----- THE INPUT -----

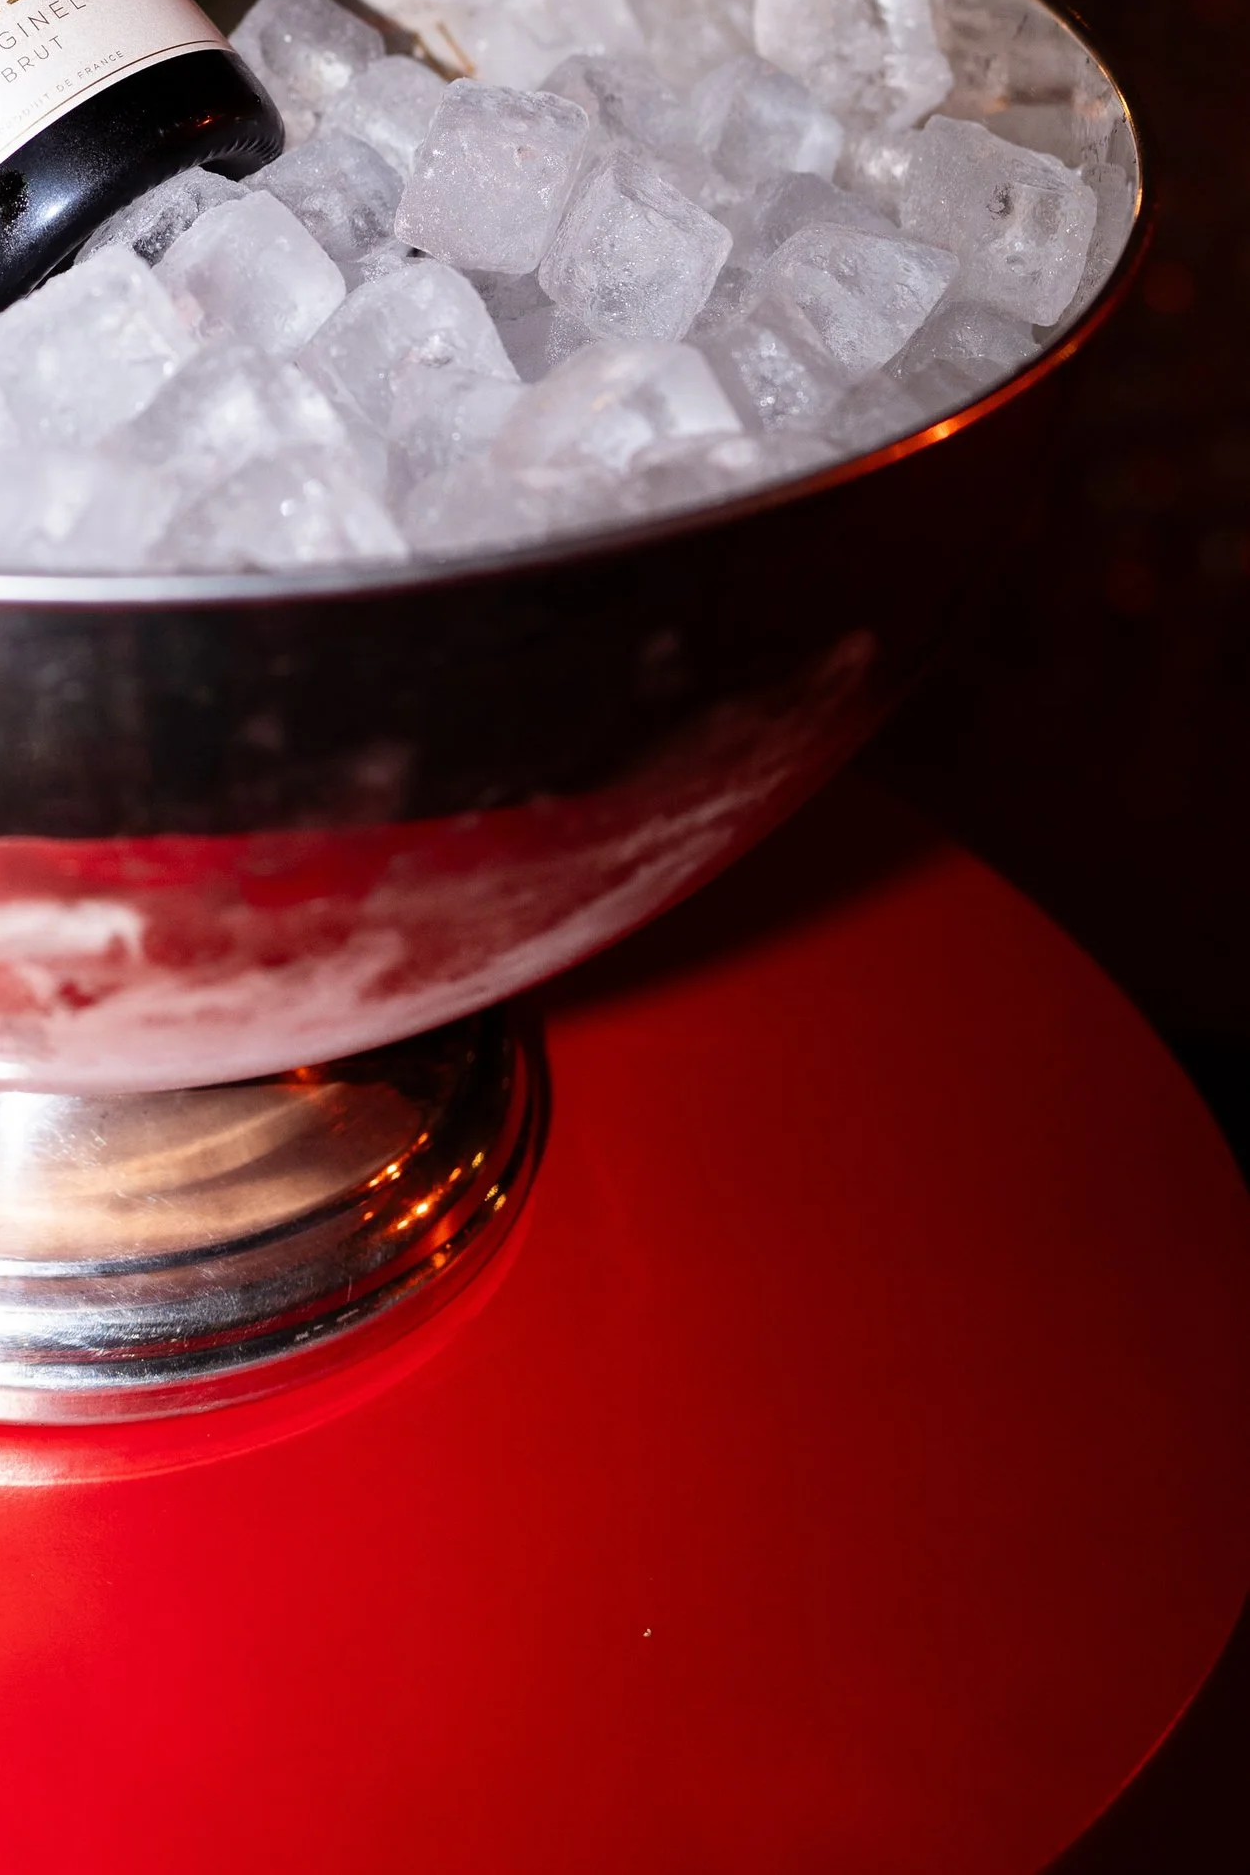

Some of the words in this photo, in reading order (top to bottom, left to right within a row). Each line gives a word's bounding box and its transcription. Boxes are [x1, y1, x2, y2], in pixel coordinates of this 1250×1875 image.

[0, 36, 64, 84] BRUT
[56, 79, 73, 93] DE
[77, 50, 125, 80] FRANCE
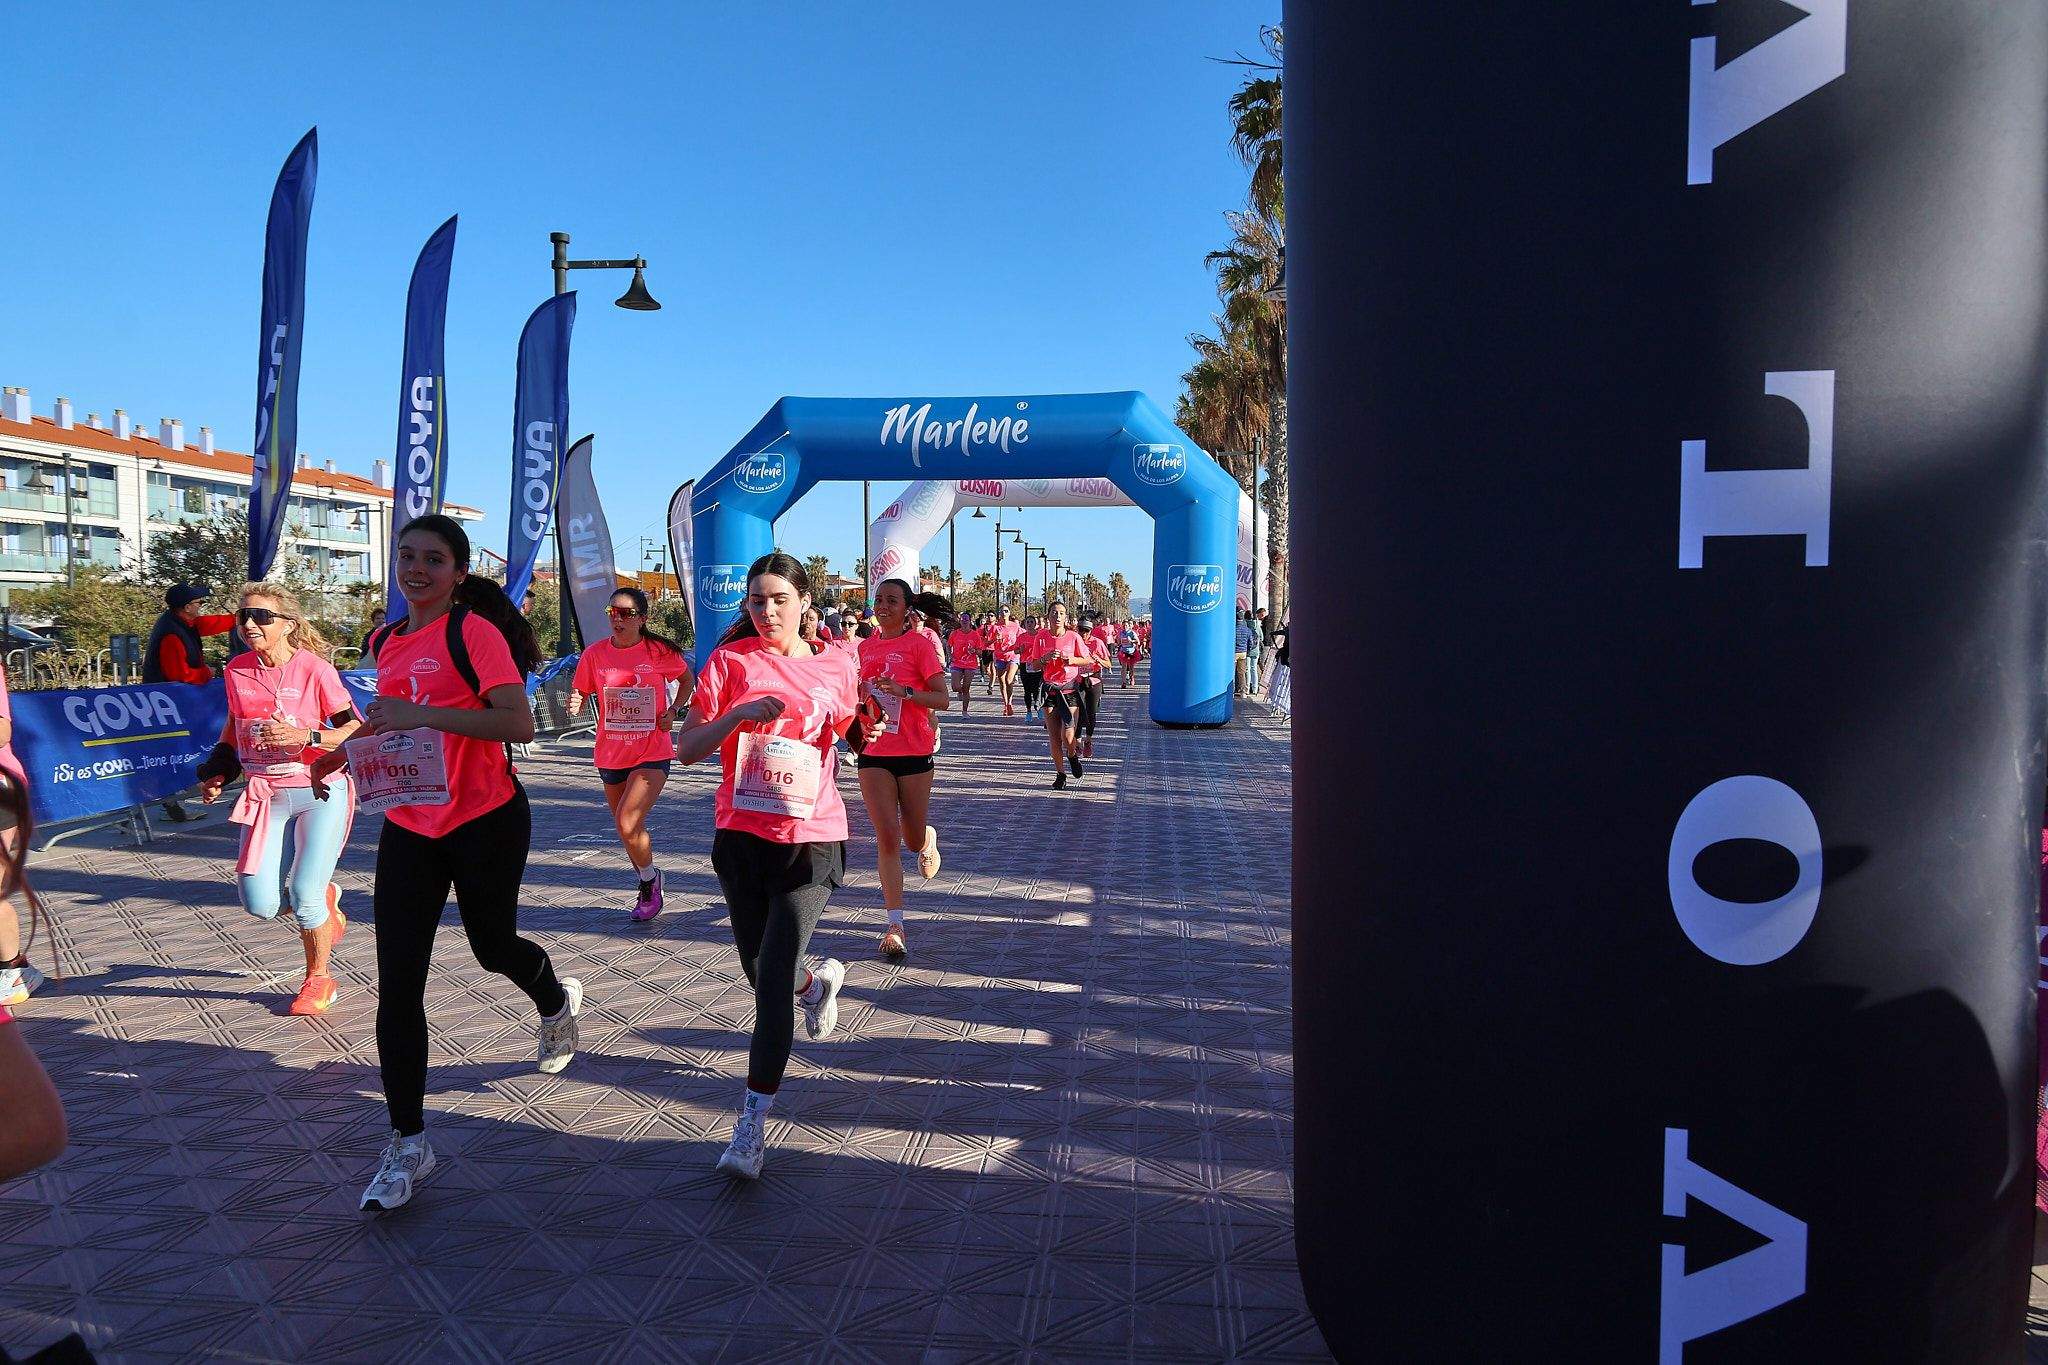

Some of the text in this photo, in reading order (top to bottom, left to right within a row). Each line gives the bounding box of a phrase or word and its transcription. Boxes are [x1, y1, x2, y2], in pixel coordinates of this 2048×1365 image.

-----
----- THE INPUT -----

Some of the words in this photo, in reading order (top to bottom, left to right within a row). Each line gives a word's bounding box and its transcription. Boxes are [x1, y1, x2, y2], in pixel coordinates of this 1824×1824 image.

-----
----- THE INPUT -----

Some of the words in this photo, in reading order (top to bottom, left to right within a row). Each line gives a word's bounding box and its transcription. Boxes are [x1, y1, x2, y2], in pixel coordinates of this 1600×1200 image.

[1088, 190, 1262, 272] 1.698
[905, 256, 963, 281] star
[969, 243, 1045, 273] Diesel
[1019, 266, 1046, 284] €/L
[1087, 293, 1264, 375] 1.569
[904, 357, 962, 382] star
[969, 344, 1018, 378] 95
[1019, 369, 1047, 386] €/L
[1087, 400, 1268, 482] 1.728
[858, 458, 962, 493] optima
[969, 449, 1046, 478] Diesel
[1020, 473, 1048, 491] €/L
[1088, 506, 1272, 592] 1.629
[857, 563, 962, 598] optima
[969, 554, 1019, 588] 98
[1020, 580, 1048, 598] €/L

-----

# PROBLEM DESCRIPTION
Find the line with "this 1250×1875 image." and the line with "Some of the text" in the records above. Copy both and all lines between them exactly, without pictures.

# RESPONSE TO THE TASK
Some of the words in this photo, in reading order (top to bottom, left to right within a row). Each line gives a word's bounding box and its transcription. Boxes are [x1, y1, x2, y2], in pixel coordinates of this 1250×1875 image.

[0, 36, 64, 84] BRUT
[56, 79, 73, 93] DE
[77, 50, 125, 80] FRANCE

Some of the text in this photo, in reading order (top to bottom, left to right within a row). Each line gives the bounding box of a phrase or word and its transcription. Boxes are [x1, y1, x2, y2], in pixel coordinates of this 2048×1365 image.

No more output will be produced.